Both versions of hemlock are VERY poisonous, so it's imperative that you get a positive ID on this plant before you eat ANY of it. The Identity of the plant lies in it's details. Stripes are definately different than "mottles" or spots. Yes it makes a difference. Carrot,, Chervil, and a few other look-similars, have stripes not spots. Hemlock has a mottled stem with NO hairs.
The pictures above are of wild carrot. notice the stripes and hairs.
Chervil is a similar looking plant. Chaerophyllum procumbens
Guests can not see images in the messages. Please register in the forum.
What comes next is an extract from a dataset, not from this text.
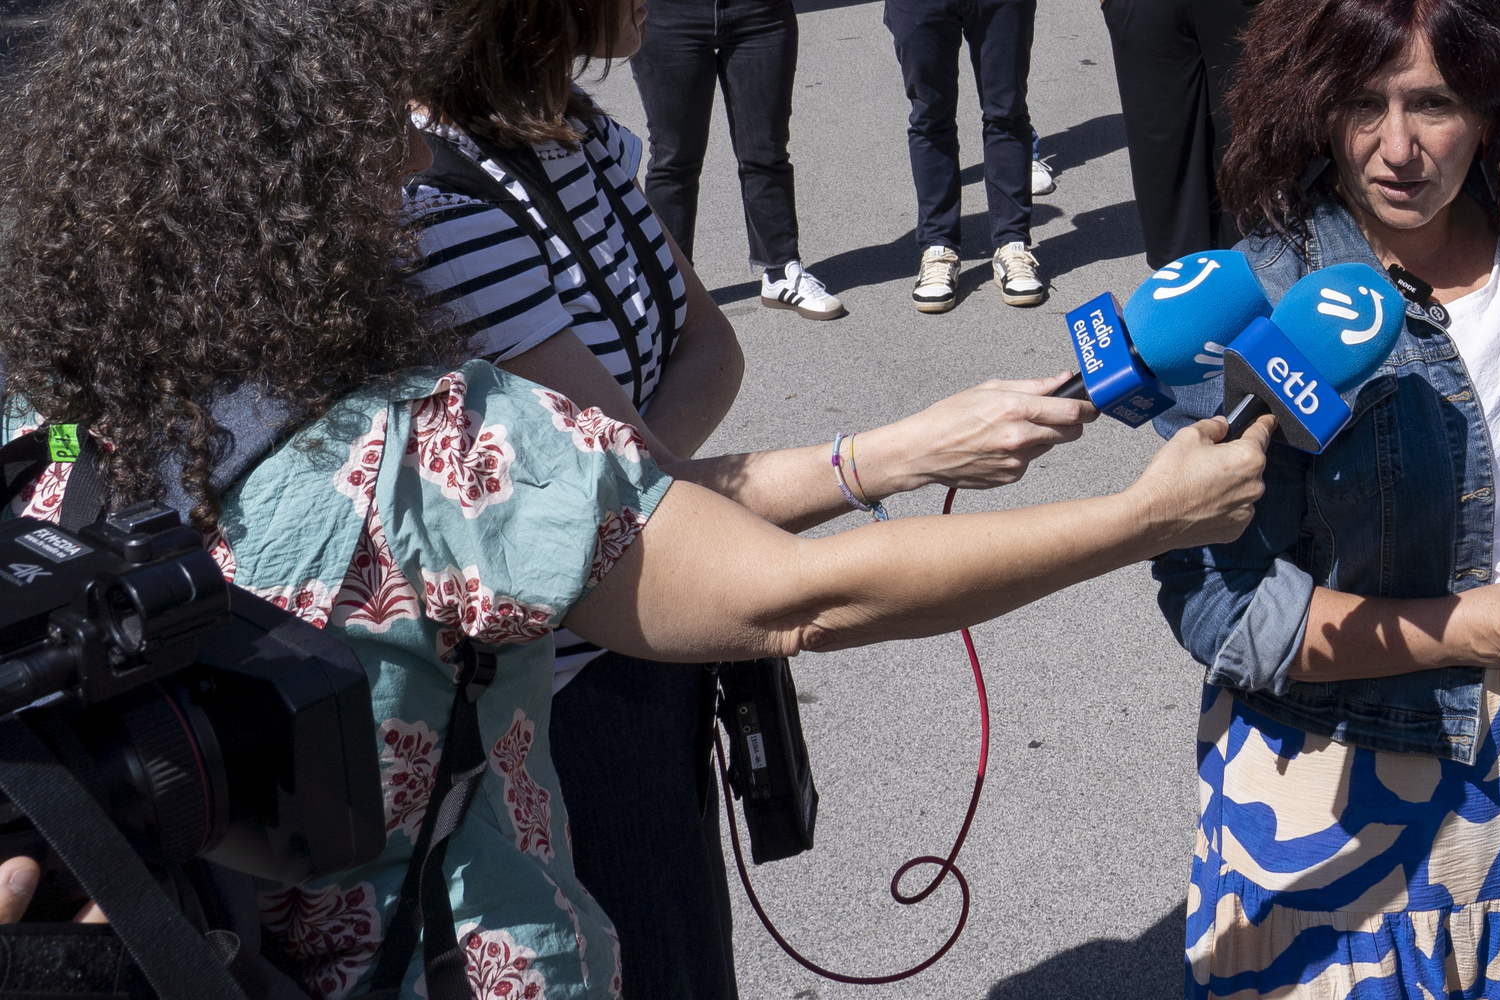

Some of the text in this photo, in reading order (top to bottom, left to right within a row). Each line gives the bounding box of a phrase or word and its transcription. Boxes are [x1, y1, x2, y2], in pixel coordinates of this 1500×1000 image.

[1073, 318, 1105, 375] euskadi
[1089, 308, 1114, 350] radio
[1265, 355, 1320, 415] etb
[8, 562, 54, 584] 4K
Another detail is in the seedheads of the plants. this is Chervil seeds. I have not yet uploaded pictures of carrot seedheads.
Guests can not see images in the messages. Please register in the forum.

You're going to have to look at all sorts of details, like the leaf petiole sheath and midvein, How often the plant branches, the root system, etc. Here are a few things that look similar to what you have, that will show what details you need to observe. At this point, it doesn't matter what plant I post a picture of, as I don't think I have a picture of your plant.
different leaves and good display of the veins
Guests can not see images in the messages. Please register in the forum.
Guests can not see images in the messages. Please register in the forum.

different root systems
Guests can not see images in the messages. Please register in the forum.
Guests can not see images in the messages. Please register in the forum.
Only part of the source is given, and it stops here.